Pause. Rewind. Redo.
Pause. Rewind. Redo.
7 AM. My alarm wouldn't stop snoozing until I somehow crawl towards the side table and subconsciously calculate the exact position of that stop button on my size and succeed in turning it off.
"Rise N Shine" read the alarm label, which otherwise said unpleasant things like "Meeting with Finance OMG" or "Internal Audit Get Up!!!" or "RBI Submissions, Kill Me". Life was getting better, one thing at a time.
Conquered the inner demons and got myself out of the bed. Now I had these humongous tasks of cooking, feeding myself breakfast and packing my lunch, ahead of me.
I haven't had breakfast for even a single day in the past 4 years. I got up and rushed to work. Never-ending updates, presentations, I learned to leave breakfast and a lot of other things behind. Lunch would always be from the cafeteria. But everything's changed now. I quit the job which I thought was what I always wanted.
It's impossible now. It either has to be breakfast or lunch. They don't have a cafeteria I remembered, so I will have to carry lunch. And then like always Breakfast lost in the battle of meals.
My bank balance was still one zero (or maybe two considering those really ambitious days) short of what I had planned to save before I quit. This is going to be hard. Should I call Mehra back and tell him I wish to continue? He'd probably want me back. I was good. But was it good enough for me?
I took a quick shower and slipped on my yellow Kurti. This feels good. Not choking yourself up in those buttoned-up shirts and blazers. No more of those stilettos hurting your heels and constantly giving you shoe bites. No more ponytail headaches. I could have frizzy hair and still leave it open because it doesn't matter if I am presentable or not.
I was all ready for the fresh start. Was I nervous? Maybe. Because all this while I have talked only numbers and jargon, more so to confuse people rather than to make them understand. But from today I have to be at my simple best. I need to make sure I speak sense. I need to listen better and not listen only to defend or debate.
Goooood Mooooorning Teeeeacher, the chorus of 30 amazing little kids in front of me. I smiled at them and asked them to sit down. I introduced myself as their new English teacher. Their smiling faces were a better sight than grumpy office faces. Their chitter-chatter was definitely more soothing for a Monday morning than Mehra's banter.
A long bell rang and kids jumped up happily. They took tiny steel tiffin boxes and ran outside to the verandah.
"Mam biscuit" one cute boy offered his bourbon biscuit to me. Two more kids saw this and ran with their snack boxes towards me. They wouldn't stop until I took a bite from their snacks. Seems like breakfast finally won the battle we were on for all this time.

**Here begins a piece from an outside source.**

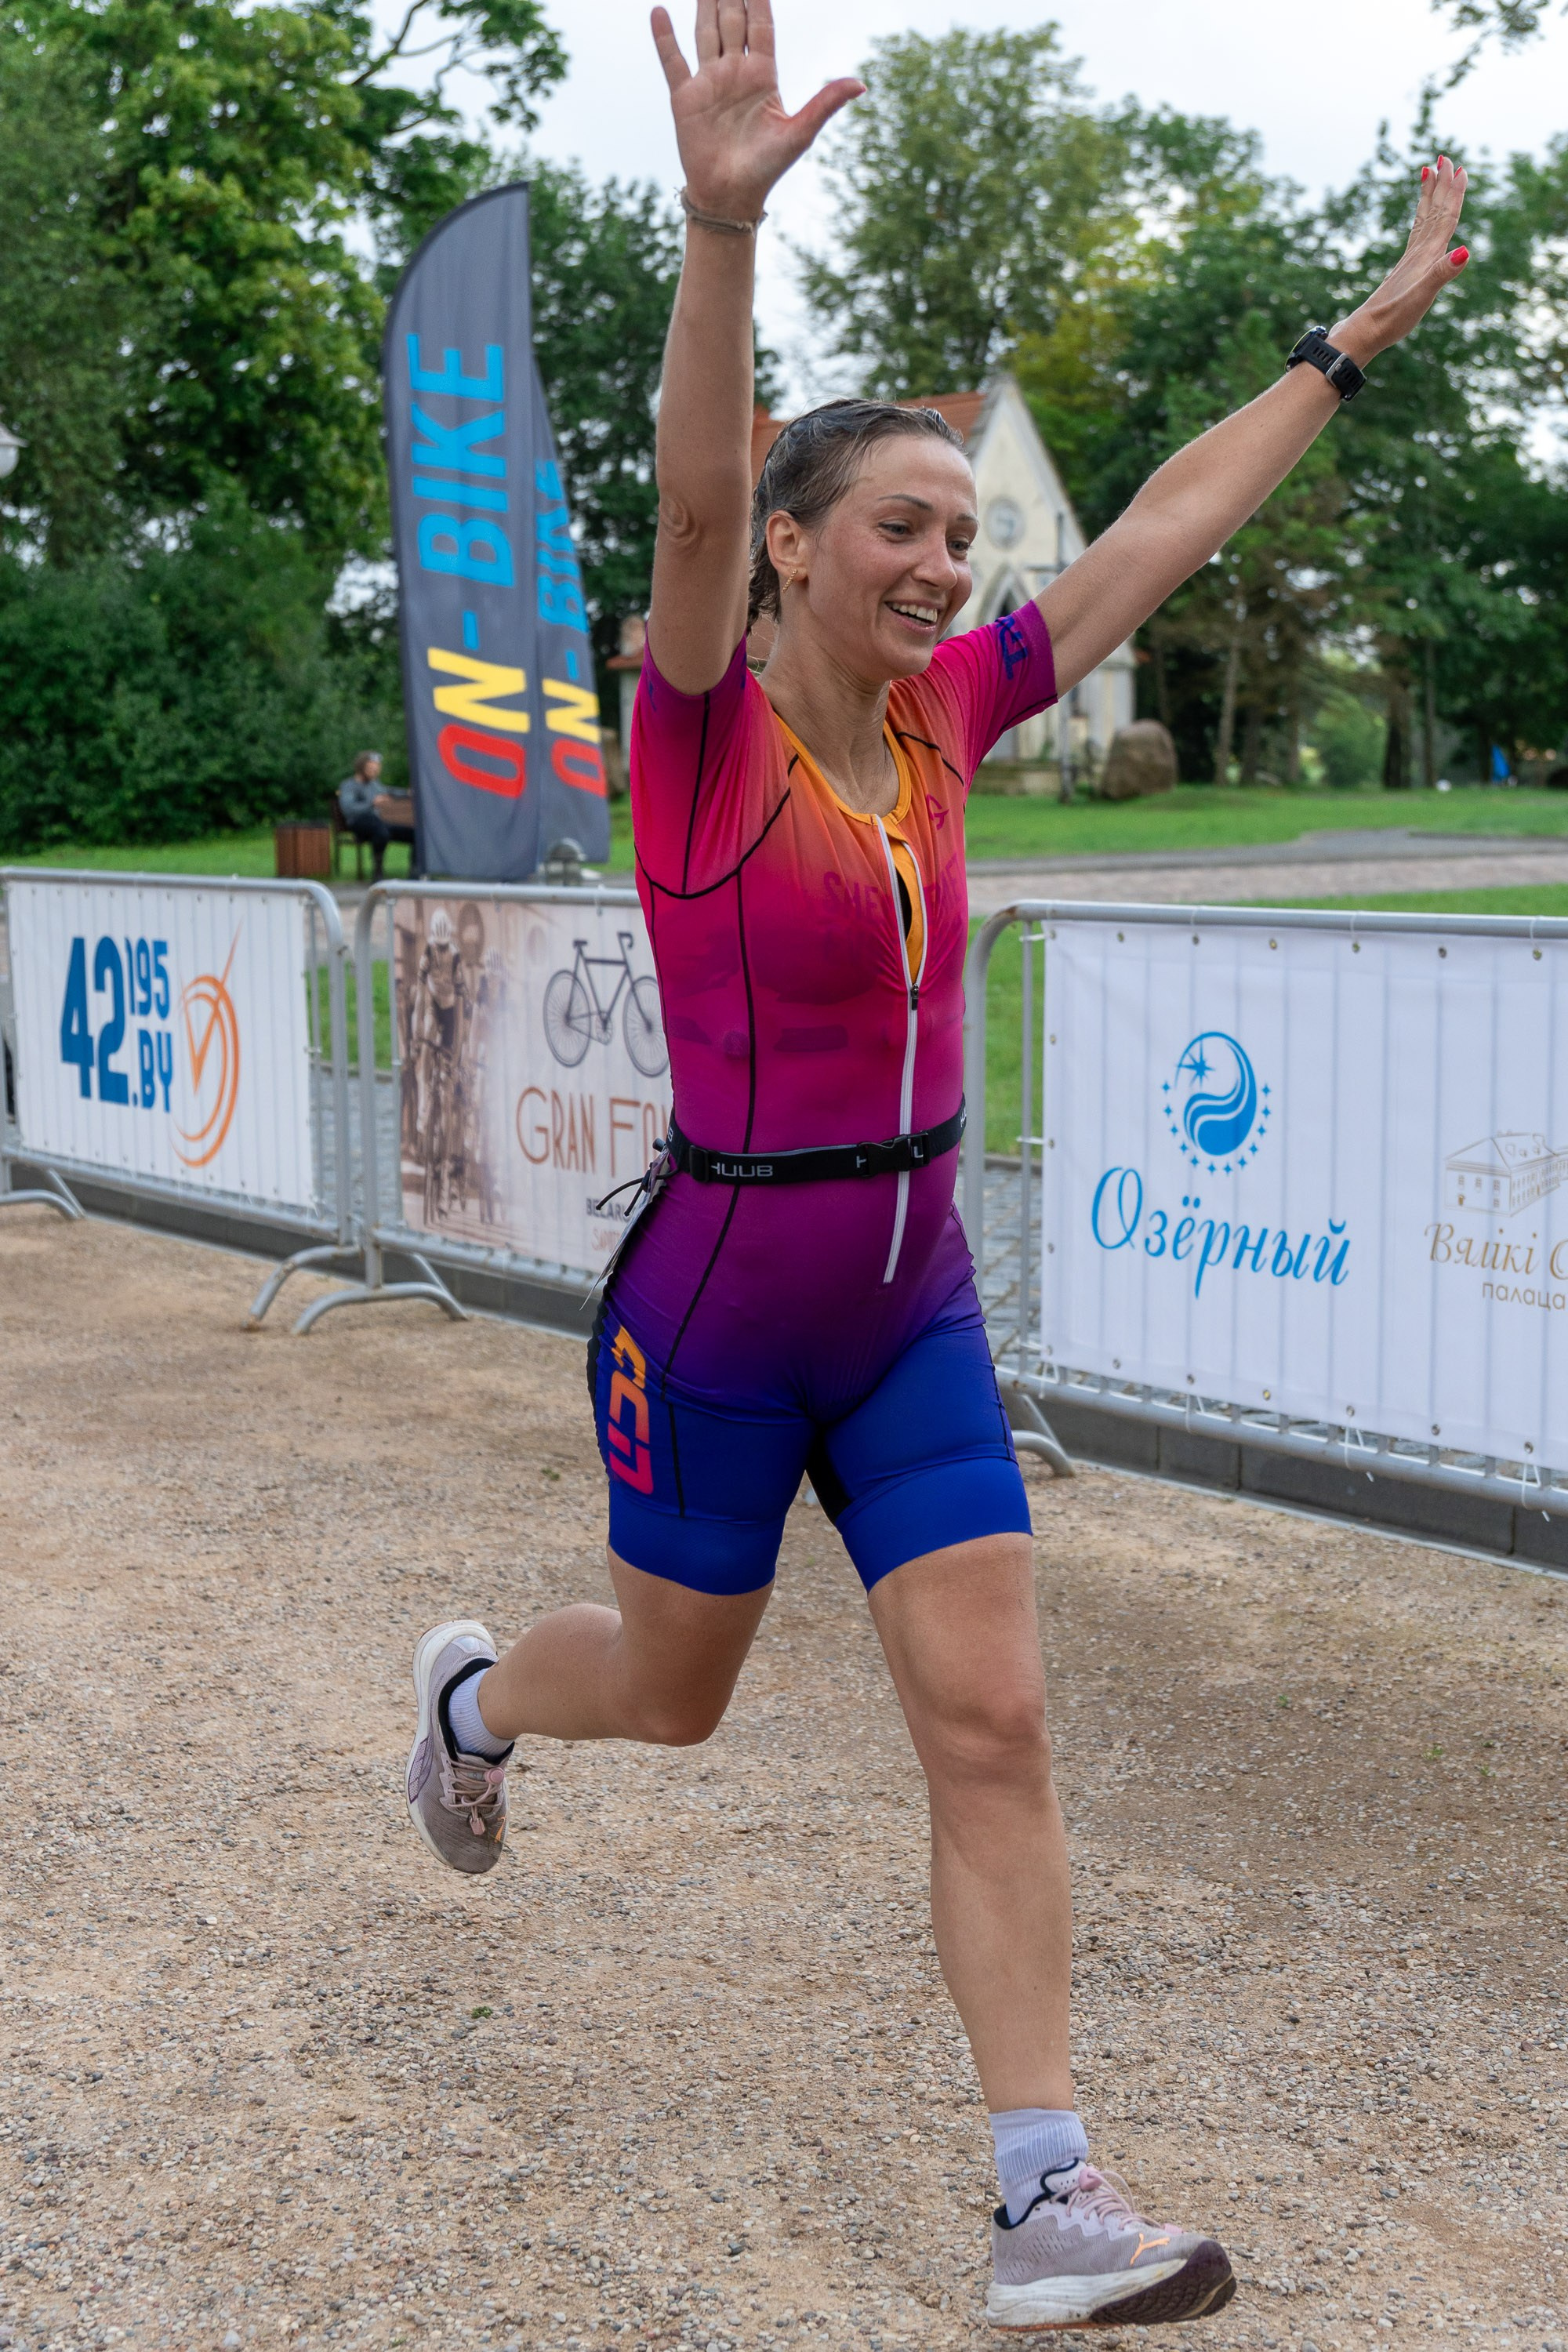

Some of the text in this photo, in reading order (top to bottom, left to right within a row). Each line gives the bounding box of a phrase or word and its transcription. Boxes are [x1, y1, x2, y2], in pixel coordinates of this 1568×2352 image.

[516, 1086, 596, 1174] GRAN
[1091, 1167, 1352, 1300] Озёрный
[1424, 1223, 1541, 1276] Вялікі
[1482, 1280, 1566, 1312] палаца

Another long bell rang and they came back inside. I was substituting for another subject, and this backing up did not seem as tedious as the one where you do it because your colleague failed to show up.
All of you think about this for a while and then write about it in a piece of paper
I scribbled on the blackboard "I want to be ------------- when I grow up, because"
One girl shouted, "Ma'm what did you want to be when you grew up?"
"Teacher", I smiled.
I finally did justice to all those essays where I wrote I want to be a teacher when I grow up and teach poor kids.